WORK REQUIRED »
With the pictures left out, every record must be reproduced exactly.

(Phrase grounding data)
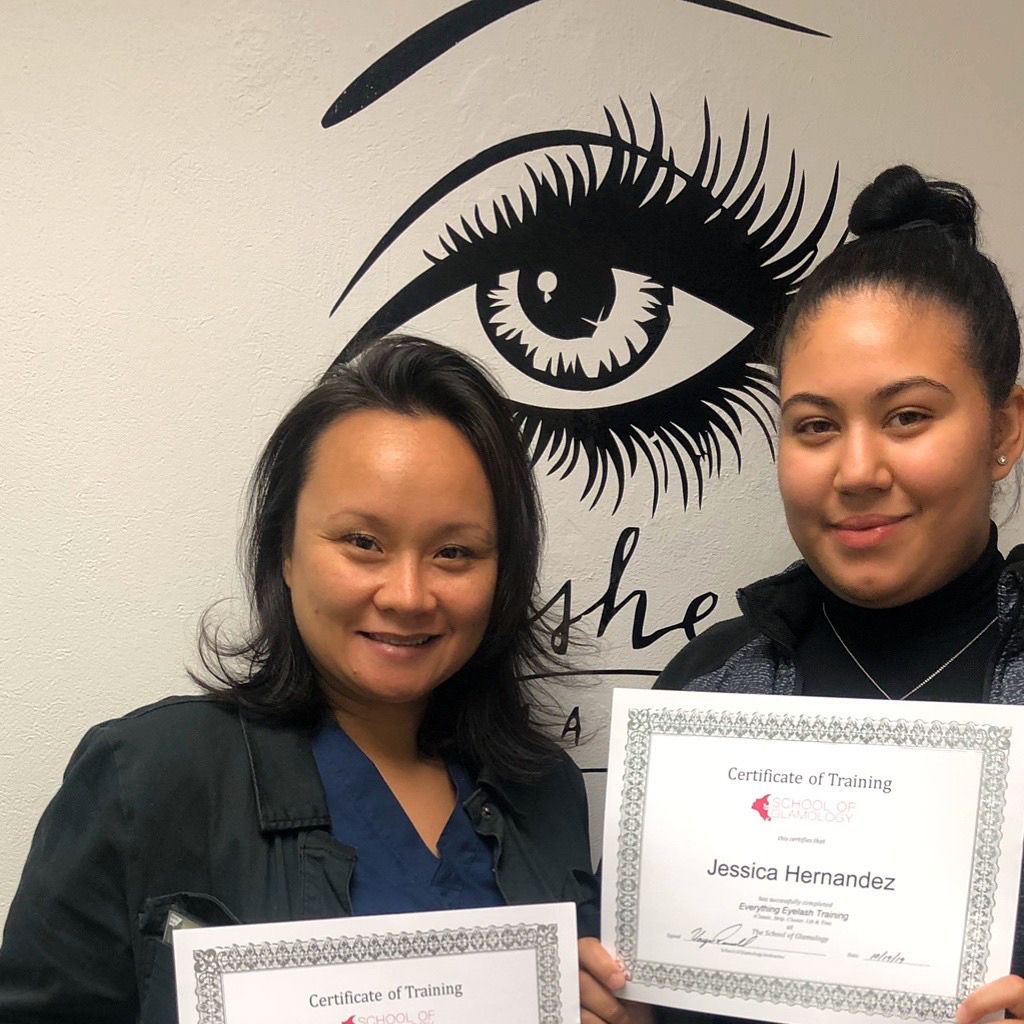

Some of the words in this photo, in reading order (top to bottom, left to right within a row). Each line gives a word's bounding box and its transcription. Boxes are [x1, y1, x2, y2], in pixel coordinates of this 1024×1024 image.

[728, 766, 804, 785] Certificate
[808, 772, 826, 786] of
[828, 772, 893, 794] Training
[772, 796, 832, 811] SCHOOL
[836, 801, 857, 813] OF
[771, 808, 854, 824] GLAMOLOGY
[707, 858, 778, 881] Jessica
[785, 865, 896, 891] Hernandez
[738, 902, 780, 915] Everything
[782, 906, 814, 918] Eyelash
[816, 908, 850, 922] Training
[752, 928, 764, 936] The
[764, 928, 786, 940] School
[786, 931, 795, 941] of
[795, 932, 830, 944] Glamology
[309, 990, 382, 1008] Certificate
[388, 986, 404, 1001] of
[404, 982, 464, 1000] Training
[417, 1009, 436, 1023] OF
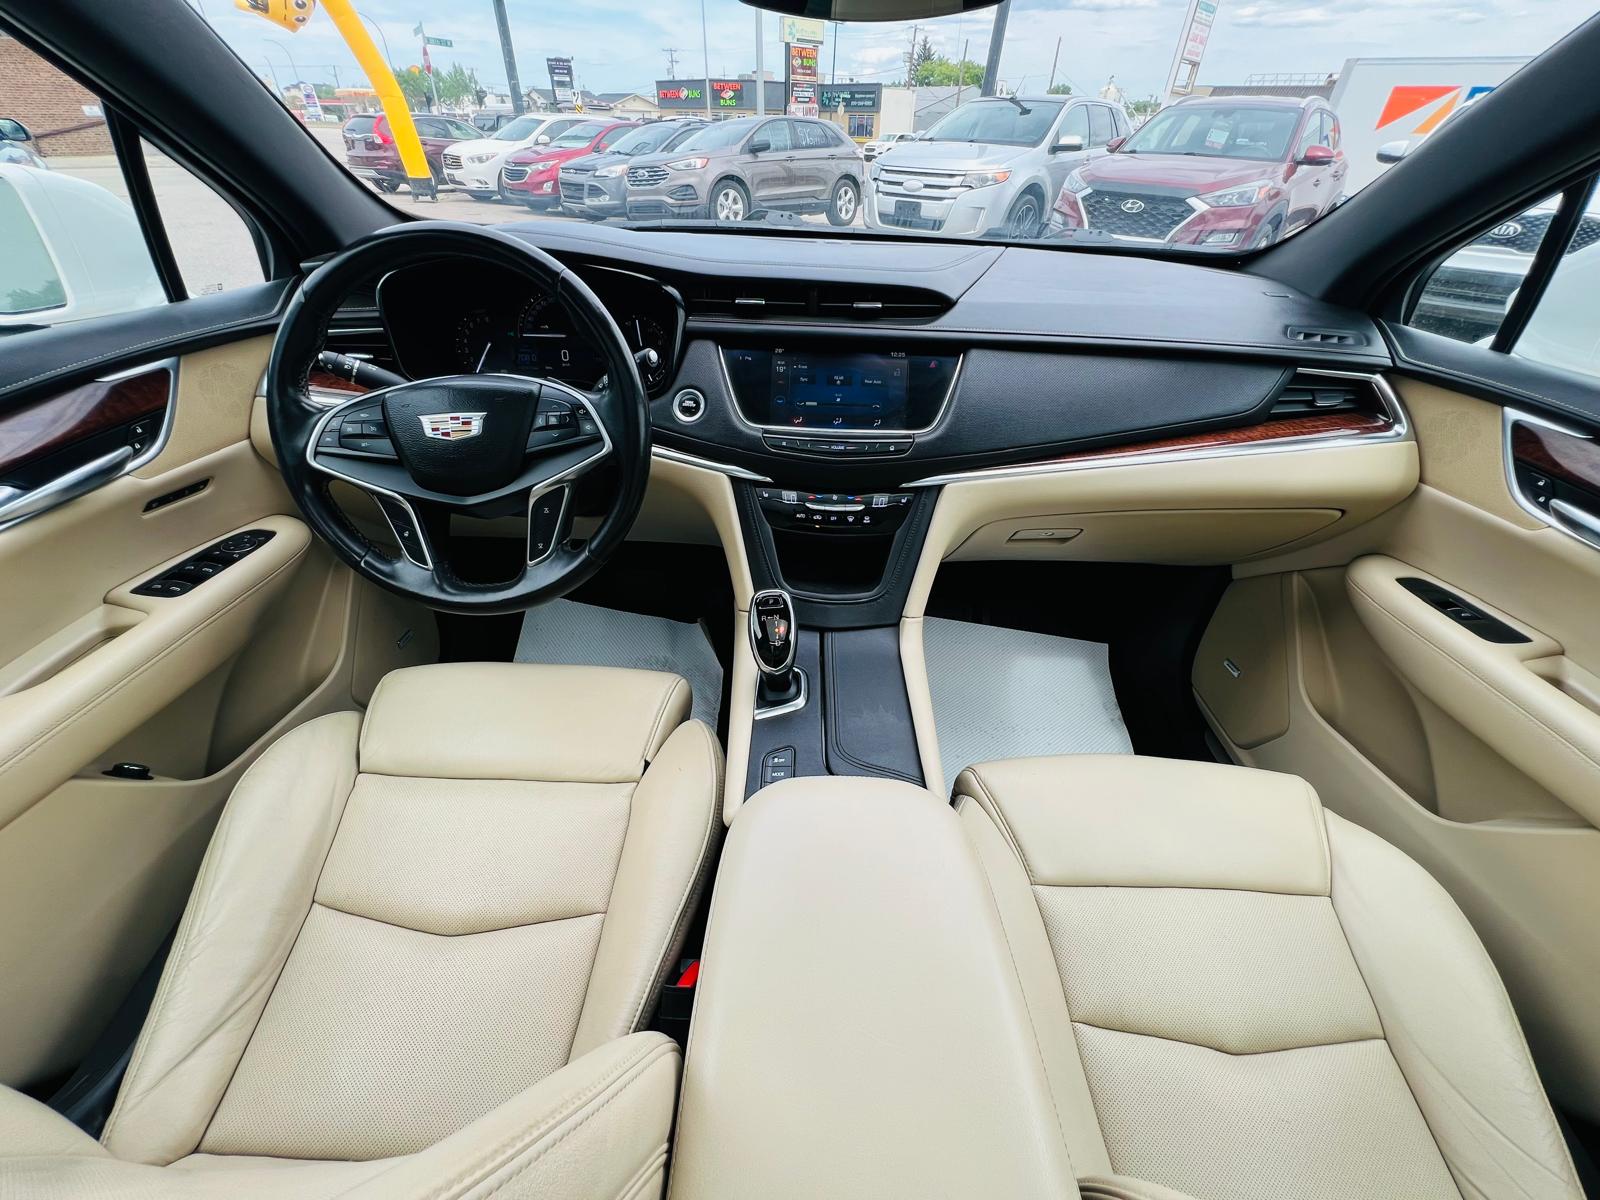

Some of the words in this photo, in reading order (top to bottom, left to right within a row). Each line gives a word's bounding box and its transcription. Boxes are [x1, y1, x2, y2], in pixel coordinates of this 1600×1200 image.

[791, 47, 817, 58] BETWEEN
[803, 58, 817, 67] BUNS
[713, 82, 741, 91] BETWEEN
[659, 89, 680, 98] BETWEEN
[688, 89, 701, 98] BUNS
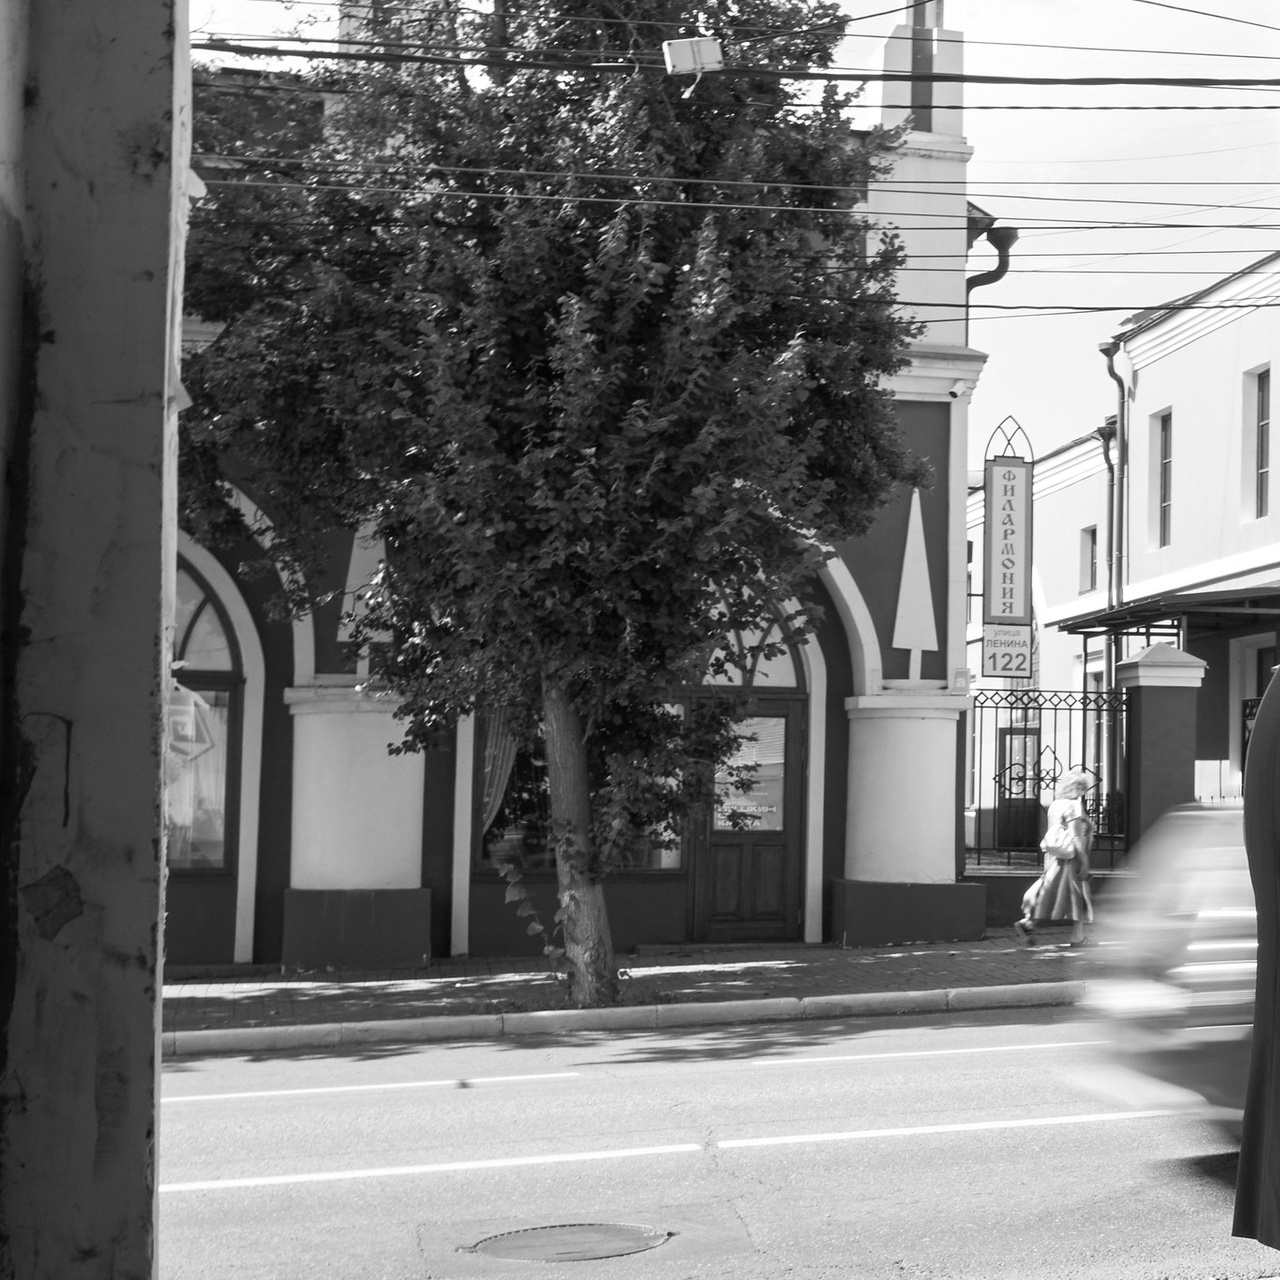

YOUR SOLUTION »
Some of the words in this photo, in reading order (top to bottom, left to right within a row). Each line gives a word's bounding box and its transcription. Boxes are [x1, y1, x2, y2], in pixel coordinates of this 1024×1024 image.

[728, 766, 804, 785] Certificate
[808, 772, 826, 786] of
[828, 772, 893, 794] Training
[772, 796, 832, 811] SCHOOL
[836, 801, 857, 813] OF
[771, 808, 854, 824] GLAMOLOGY
[707, 858, 778, 881] Jessica
[785, 865, 896, 891] Hernandez
[738, 902, 780, 915] Everything
[782, 906, 814, 918] Eyelash
[816, 908, 850, 922] Training
[752, 928, 764, 936] The
[764, 928, 786, 940] School
[786, 931, 795, 941] of
[795, 932, 830, 944] Glamology
[309, 990, 382, 1008] Certificate
[388, 986, 404, 1001] of
[404, 982, 464, 1000] Training
[417, 1009, 436, 1023] OF

Some of the words in this photo, in reading order (top to bottom, left to right within a row). Each line gives a word's bounding box and its transcription. Boxes are [x1, y1, x2, y2], in pixel coordinates of this 1600×1200 image.

[791, 47, 817, 58] BETWEEN
[803, 58, 817, 67] BUNS
[713, 82, 741, 91] BETWEEN
[659, 89, 680, 98] BETWEEN
[688, 89, 701, 98] BUNS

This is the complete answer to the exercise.